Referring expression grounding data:
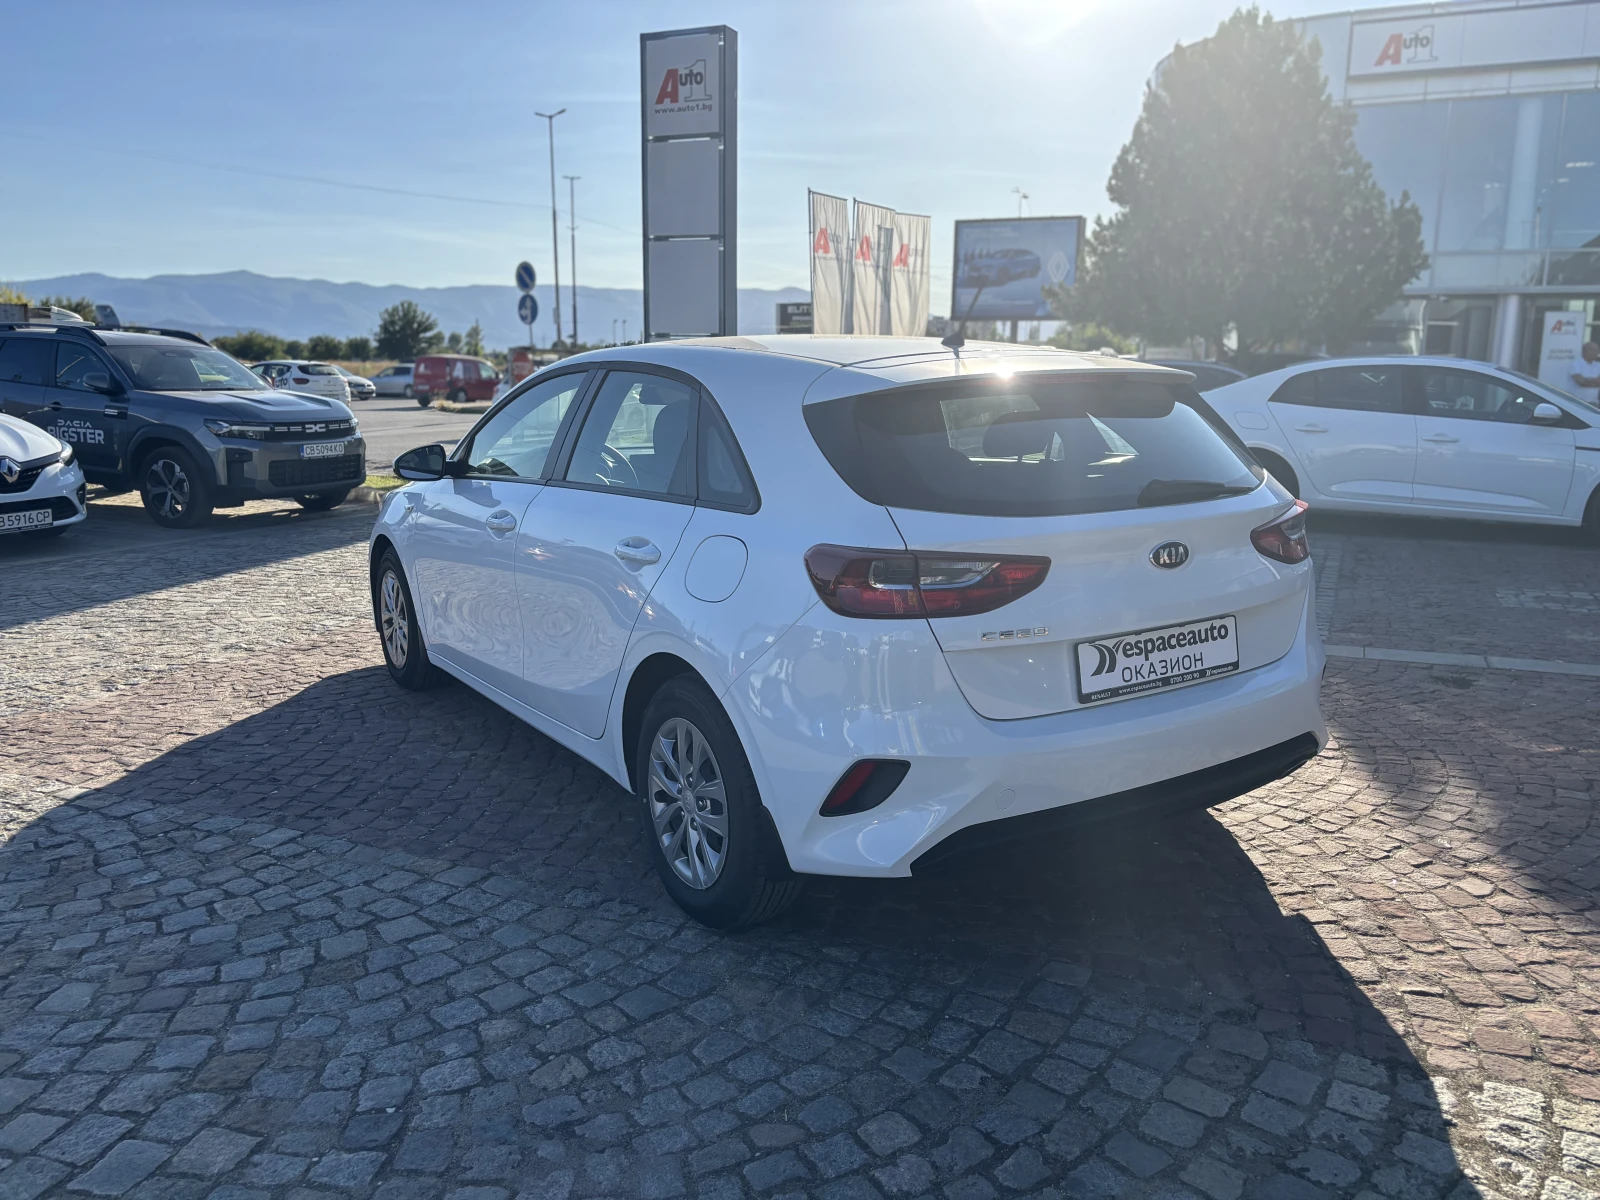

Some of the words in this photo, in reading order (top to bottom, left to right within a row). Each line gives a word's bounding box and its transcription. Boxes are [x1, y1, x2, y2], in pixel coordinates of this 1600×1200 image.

[654, 103, 713, 114] www.auto1.bg
[57, 419, 92, 428] DACIA
[47, 426, 105, 444] BIGSTER
[1159, 546, 1186, 565] KIA
[1121, 622, 1229, 661] espaceauto
[1121, 652, 1204, 683] ОКАЗИОН
[1091, 691, 1112, 700] RENAULT
[1118, 681, 1163, 694] www.espaceauto.bg

* _Activity_
Set the records down again exactly, and omit any picture in them.

* _Output of the exercise_
Some of the words in this photo, in reading order (top to bottom, left to right within a row). Each line gives a word's bounding box and its transcription. Boxes are [x1, y1, x2, y2], in pixel coordinates of this 1600×1200 image.

[654, 103, 713, 114] www.auto1.bg
[57, 419, 92, 428] DACIA
[47, 426, 105, 444] BIGSTER
[1159, 546, 1186, 565] KIA
[1121, 622, 1229, 661] espaceauto
[1121, 652, 1204, 683] ОКАЗИОН
[1091, 691, 1112, 700] RENAULT
[1118, 681, 1163, 694] www.espaceauto.bg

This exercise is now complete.